### Task details
Reproduce all the data exactly, without pictures.

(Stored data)
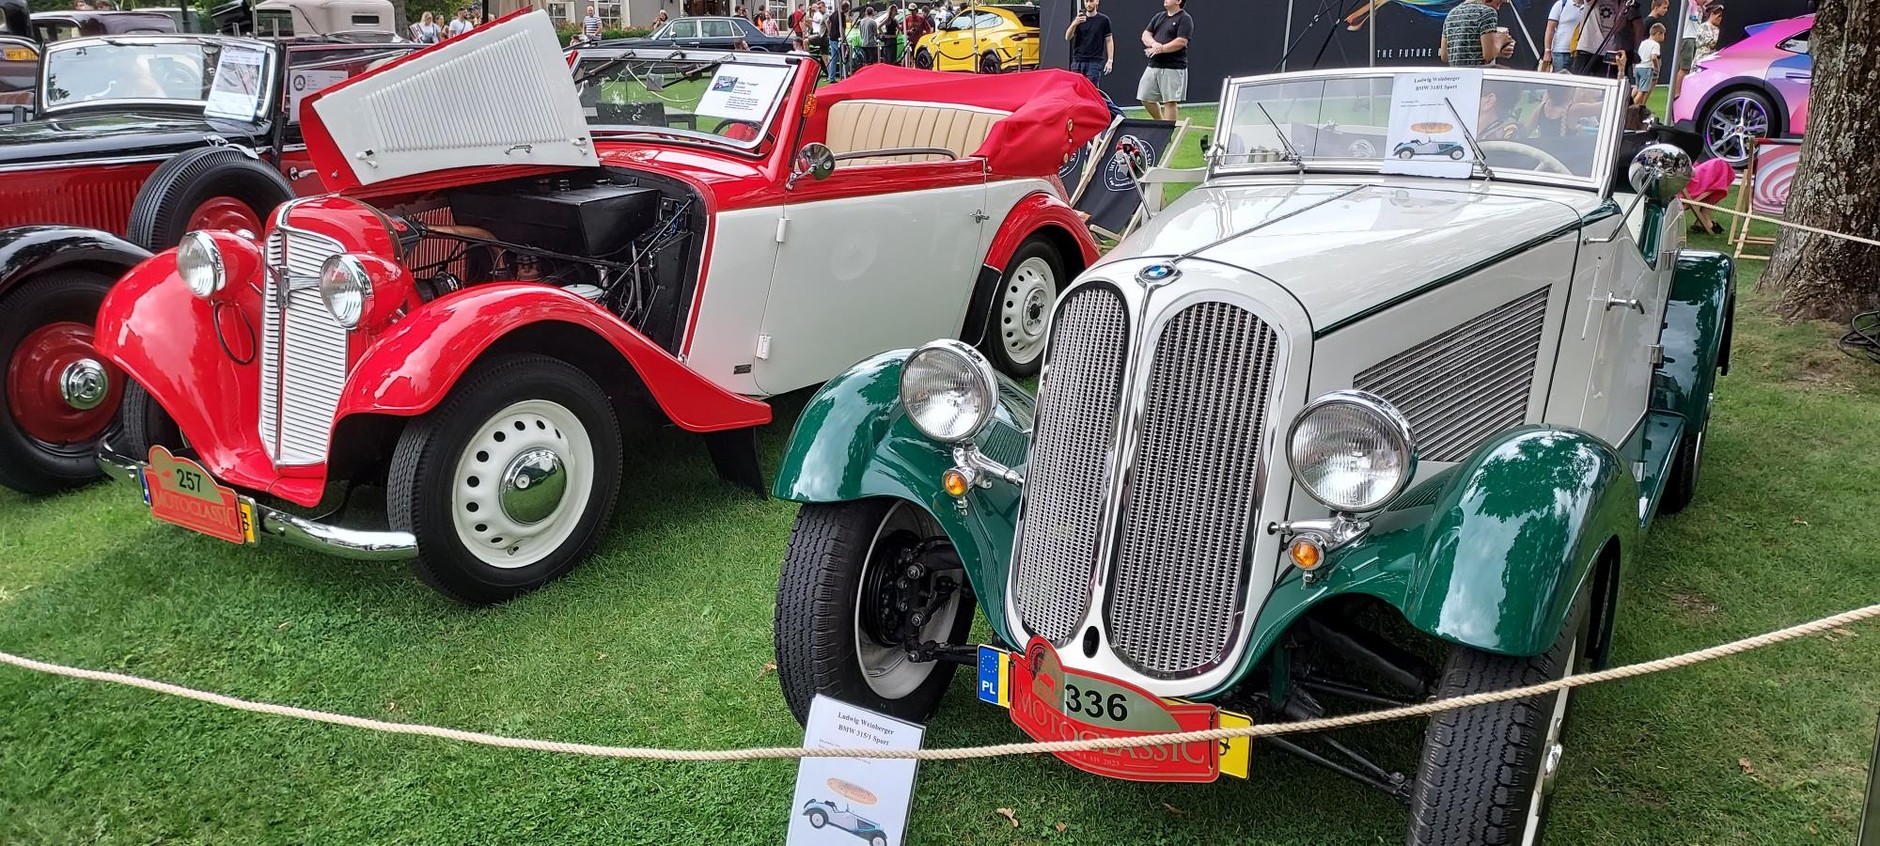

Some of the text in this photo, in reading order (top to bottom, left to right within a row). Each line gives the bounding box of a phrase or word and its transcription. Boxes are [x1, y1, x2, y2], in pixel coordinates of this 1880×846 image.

[1377, 49, 1393, 58] THE
[1399, 48, 1432, 58] FUTURE
[176, 469, 201, 492] 257
[982, 681, 996, 695] PL
[1065, 684, 1128, 722] 336
[838, 712, 894, 735] Ludwig Weinberger
[838, 724, 889, 746] BMW 315/1 Sport
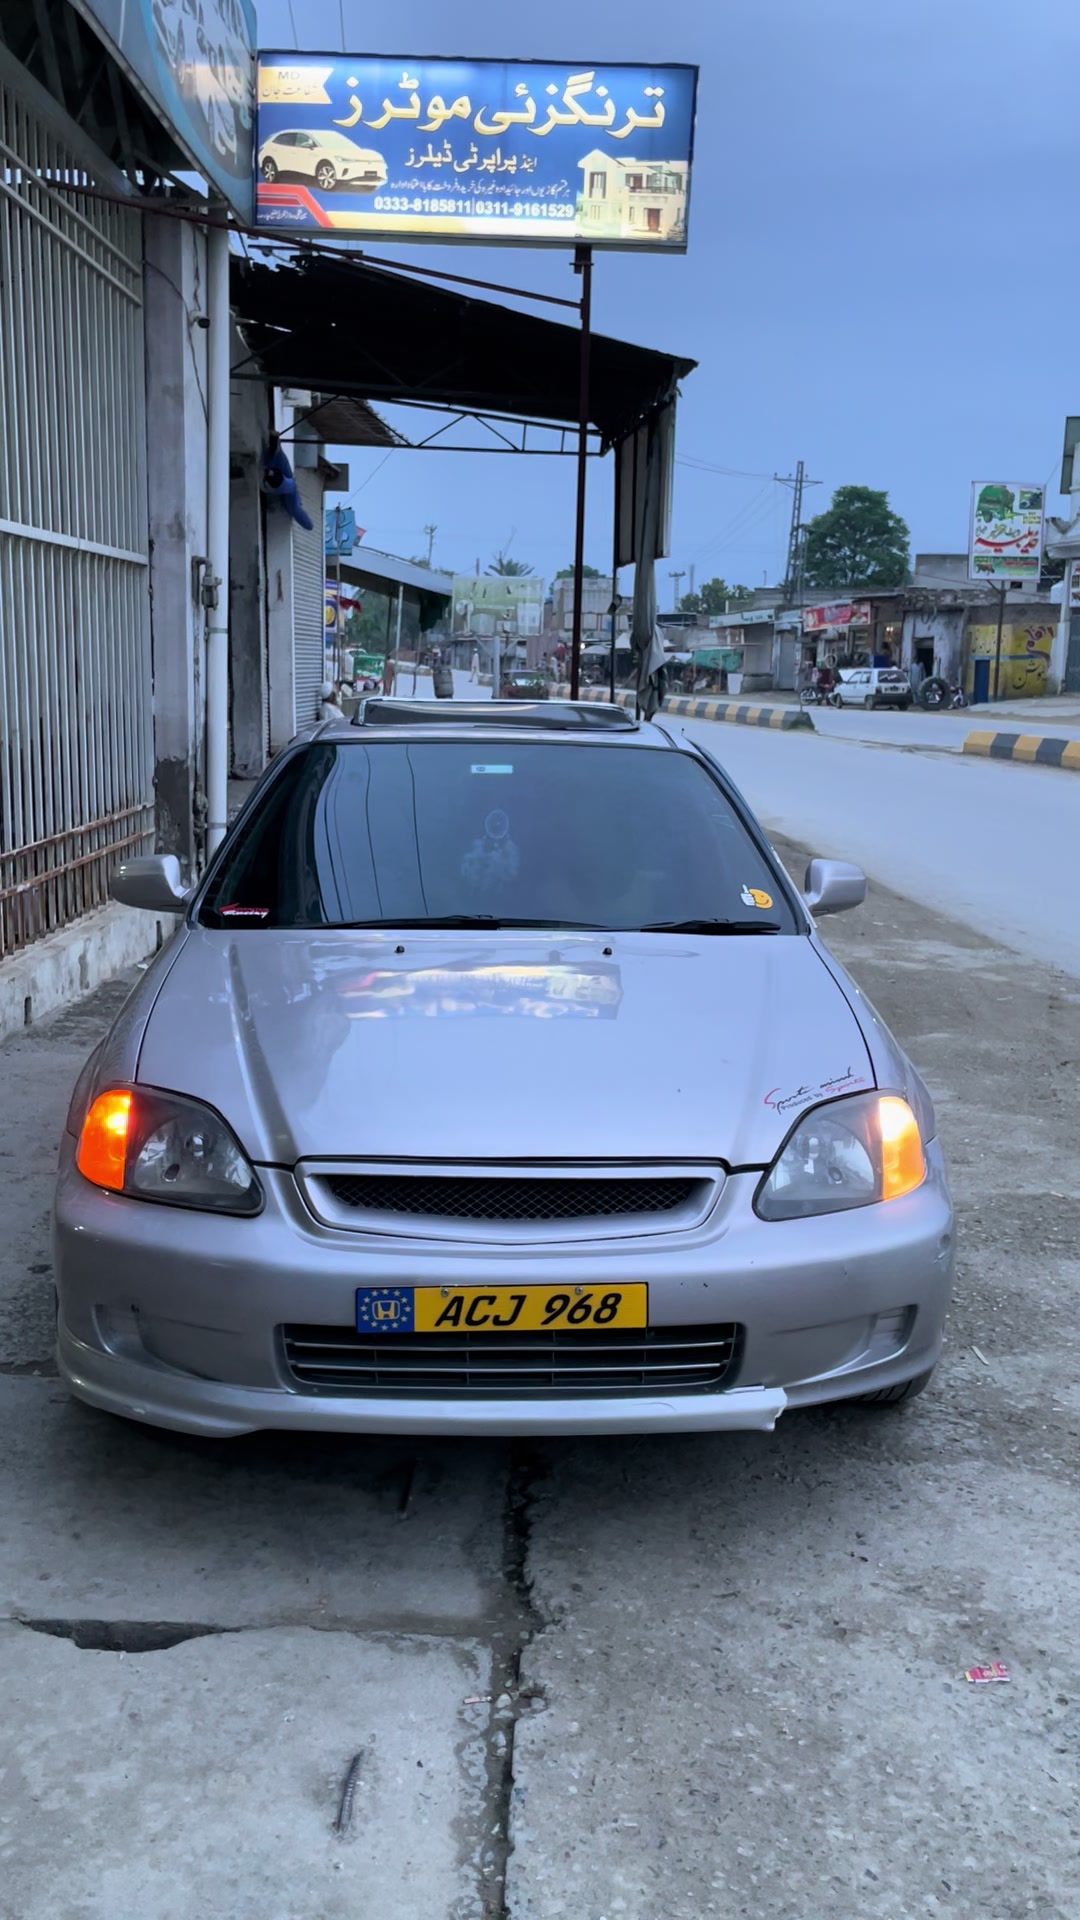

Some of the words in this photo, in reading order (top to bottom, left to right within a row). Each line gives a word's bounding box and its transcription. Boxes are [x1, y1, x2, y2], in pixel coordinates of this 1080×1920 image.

### Task result
Some of the text in this photo, in reading order (top to bottom, left to right within a row). Each line gives the bounding box of a phrase or word and its transcription. Boxes are [x1, y1, x2, y2], in pixel coordinates of this 1880×846 image.

[1377, 49, 1393, 58] THE
[1399, 48, 1432, 58] FUTURE
[176, 469, 201, 492] 257
[982, 681, 996, 695] PL
[1065, 684, 1128, 722] 336
[838, 712, 894, 735] Ludwig Weinberger
[838, 724, 889, 746] BMW 315/1 Sport

Some of the words in this photo, in reading order (top to bottom, left to right within a row). Each line gives a word's bounding box and its transcription. Boxes are [x1, y1, x2, y2], in pixel coordinates of this 1080×1920 image.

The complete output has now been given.